Pessimismo europeu sobre acordo para controlar programa nuclear iraniano

As esperanças dos europeus de alcançarem um novo acordo sobre o programa nuclear iraniano pareciam se dissipar nesta segunda-feira (12) diante de um regime acusado de continuar a "escalada" de suas atividades nucleares, indicaram várias autoridades.

O chanceler alemão, Olaf Scholz, resumiu nesta segunda-feira a amargura dos europeus lamentando que o Irã "não tem dado uma resposta positiva às propostas dos coordenadores europeus".

"Não há nenhuma razão para o Irã não aceitar estas propostas. Mas devemos considerar que talvez não seja o caso e que certamente não ocorrerá em um futuro próximo", afirmou o chanceler em coletiva de imprensa em Berlim com o primeiro-ministro israelense, Yair Lapid.

Após um ano e meio de negociações destinadas a reativar o acordo de 2015, do qual os Estados Unidos se retiraram unilateralmente em 2018, Alemanha, Reino Unido e França expressaram no sábado "sérias dúvidas" sobre a vontade real de Teerã.

"O Irã continua a avançar em seu programa nuclear muito além do que poderia ser plausivelmente justificado por motivos civis", disseram os governos dos três países em comunicado conjunto.

O Irã reagiu à declaração conjunta, dizendo que "não era nada construtiva", ao contrário de Lapid, que a elogiou.

Os países europeus criticam Teerã por não responder quando o coordenador do JCPOA (o nome do pacto) lhe apresentou uma série de textos que, segundo eles, teriam permitido um retorno ao acordo.

O Irã pediu mais uma vez a suspensão de uma investigação da Agência Internacional de Energia Atômica (AIEA) sobre vestígios de urânio enriquecido encontrados em três locais não declarados, o que foi contestado pelo chefe da AIEA, Rafael Grossi.

O pacto de 2015 pretende impedir que o Irã adquira armas nucleares, embora Teerã nunca tenha admitido que buscasse esse objetivo.
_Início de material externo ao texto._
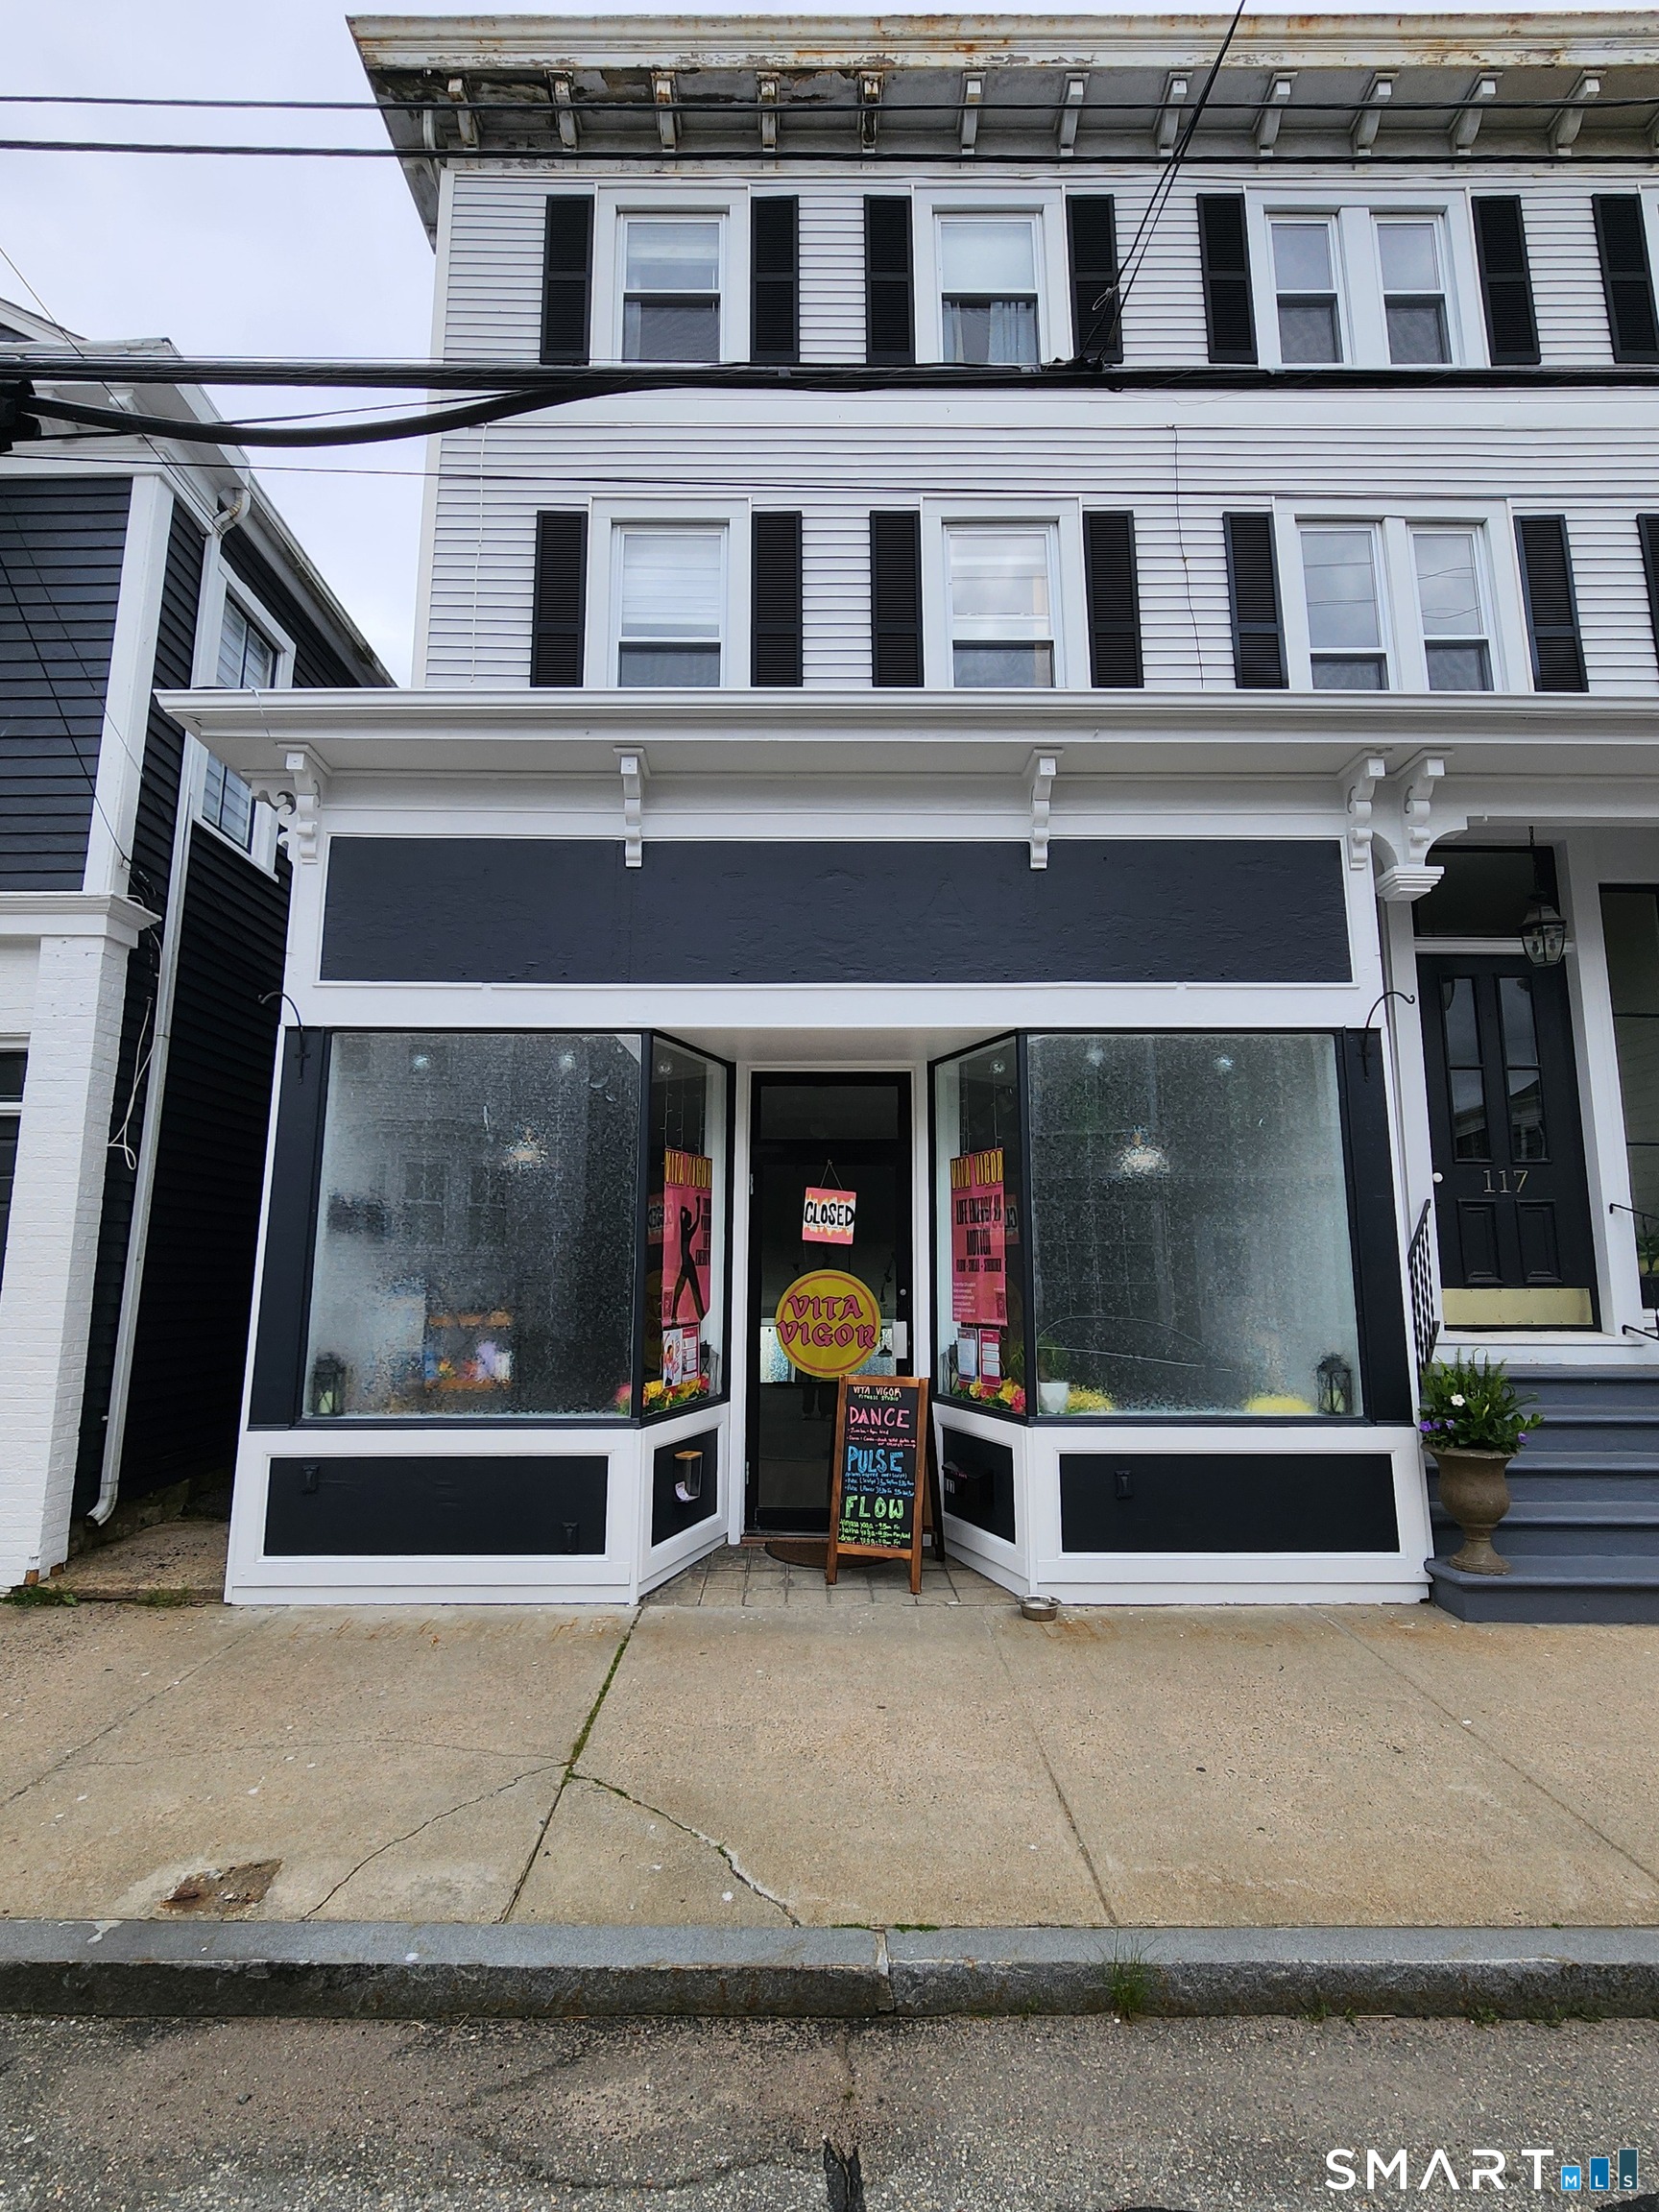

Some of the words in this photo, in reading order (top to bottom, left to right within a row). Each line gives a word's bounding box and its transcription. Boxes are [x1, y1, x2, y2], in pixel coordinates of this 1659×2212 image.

[665, 1150, 685, 1186] VITA
[686, 1155, 712, 1190] VIGOR
[950, 1157, 971, 1190] VITA
[974, 1149, 1004, 1187] VIGOR
[1483, 1169, 1528, 1193] 117
[805, 1201, 855, 1227] CLOSED
[787, 1294, 863, 1321] VITA
[777, 1320, 878, 1350] VIGOR
[853, 1385, 871, 1395] VITA
[876, 1386, 902, 1399] VIGOR
[850, 1406, 910, 1429] DANCE
[847, 1445, 904, 1474] PULSE
[845, 1495, 904, 1519] FLOW
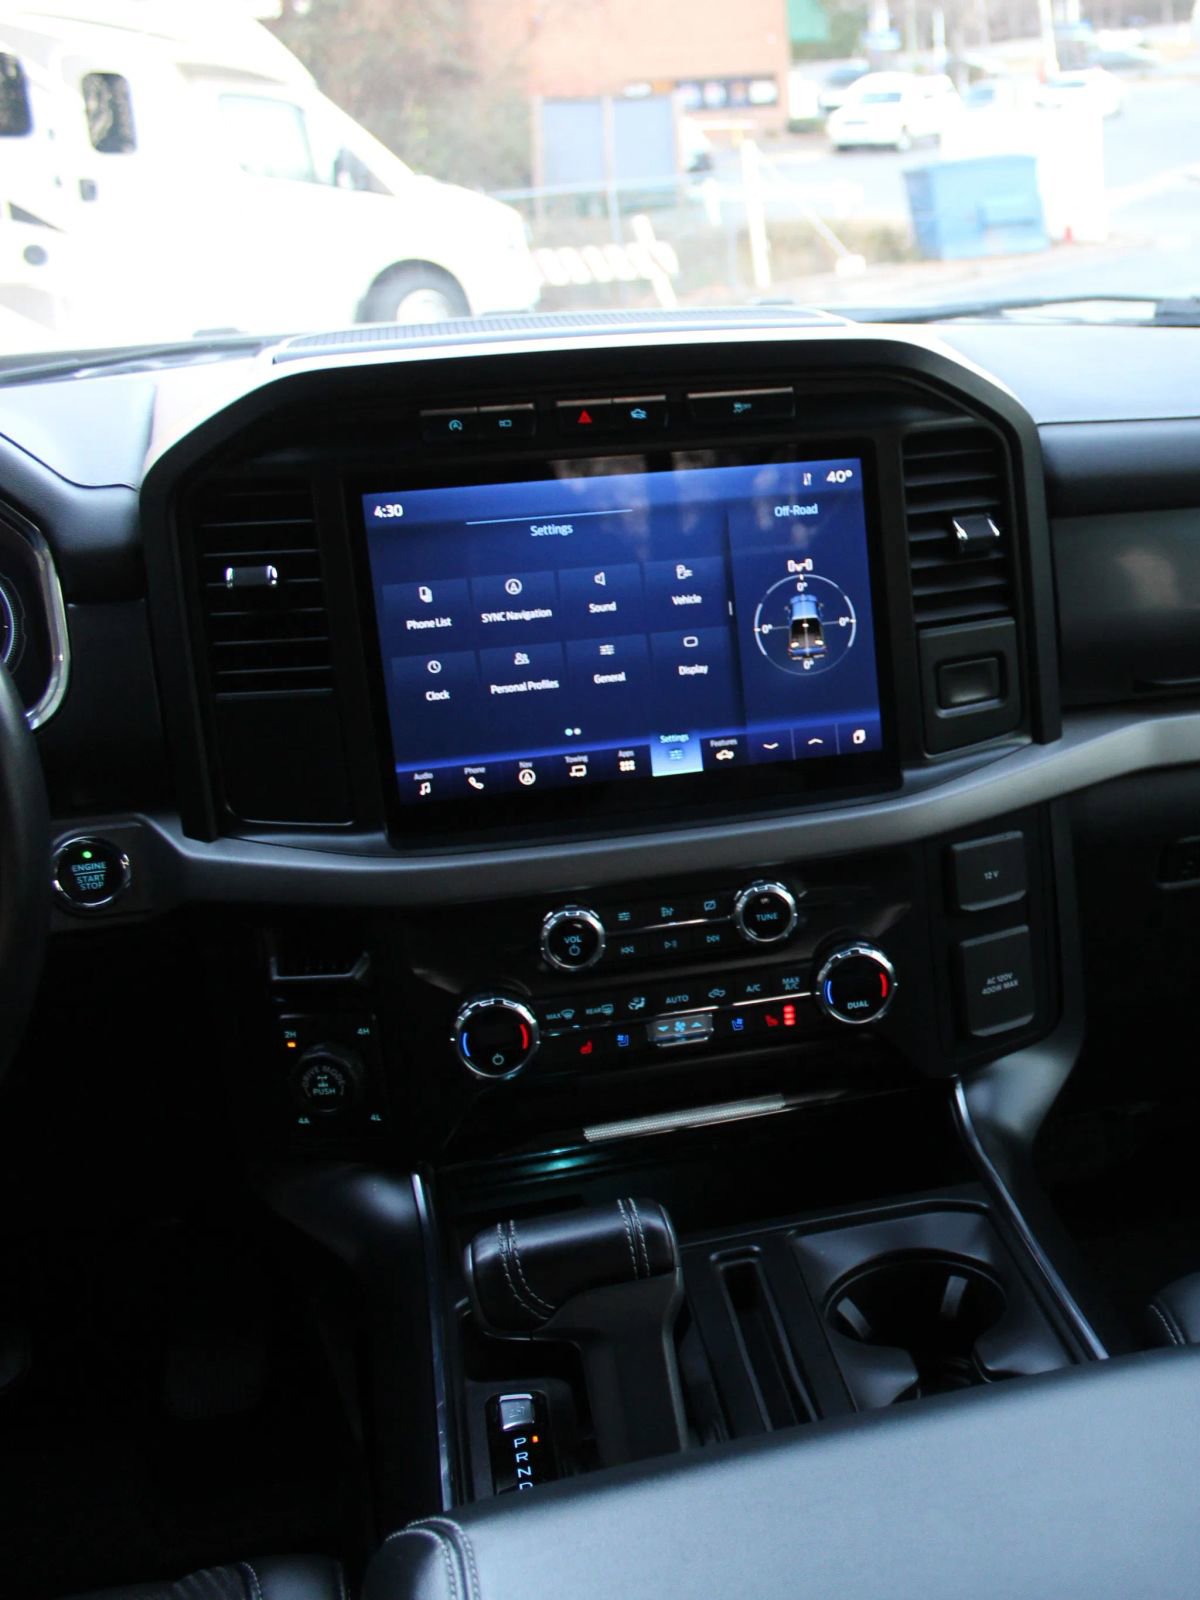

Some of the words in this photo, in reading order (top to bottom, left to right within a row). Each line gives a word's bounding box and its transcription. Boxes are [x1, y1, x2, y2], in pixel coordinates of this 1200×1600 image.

No entanto, após a saída dos Estados Unidos e o restabelecimento das sanções americanas que afetam gravemente sua economia, o Irã foi progressivamente abandonando seus compromissos firmados no acordo.

Para Lapid, as negociações começam a indicar um "fracasso" e que "o objetivo de impedir o armamento nuclear do Irã não será alcançado".

Um alto funcionário da diplomacia israelense declarou durante sua visita a Berlim que chegou o momento de "um diálogo com os americanos e os europeus (...) para que uma ameaça militar eficaz seja apresentada para pressionar o Irã a um acordo melhor".

Israel teme que o levantamento de sanções pode aumentar o orçamento iraniano destinado a apoiar o Hezbollah libanês, o Hamas palestino e outros grupos pró-iranianos na região.

Na segunda-feira, o ministro israelense de Defesa, Benny Gantz, apresentou nos Estados Unidos uma carta com "dez lugares" na Síria onde o Irã produz "armas de precisão" destinados ao Hezbollah.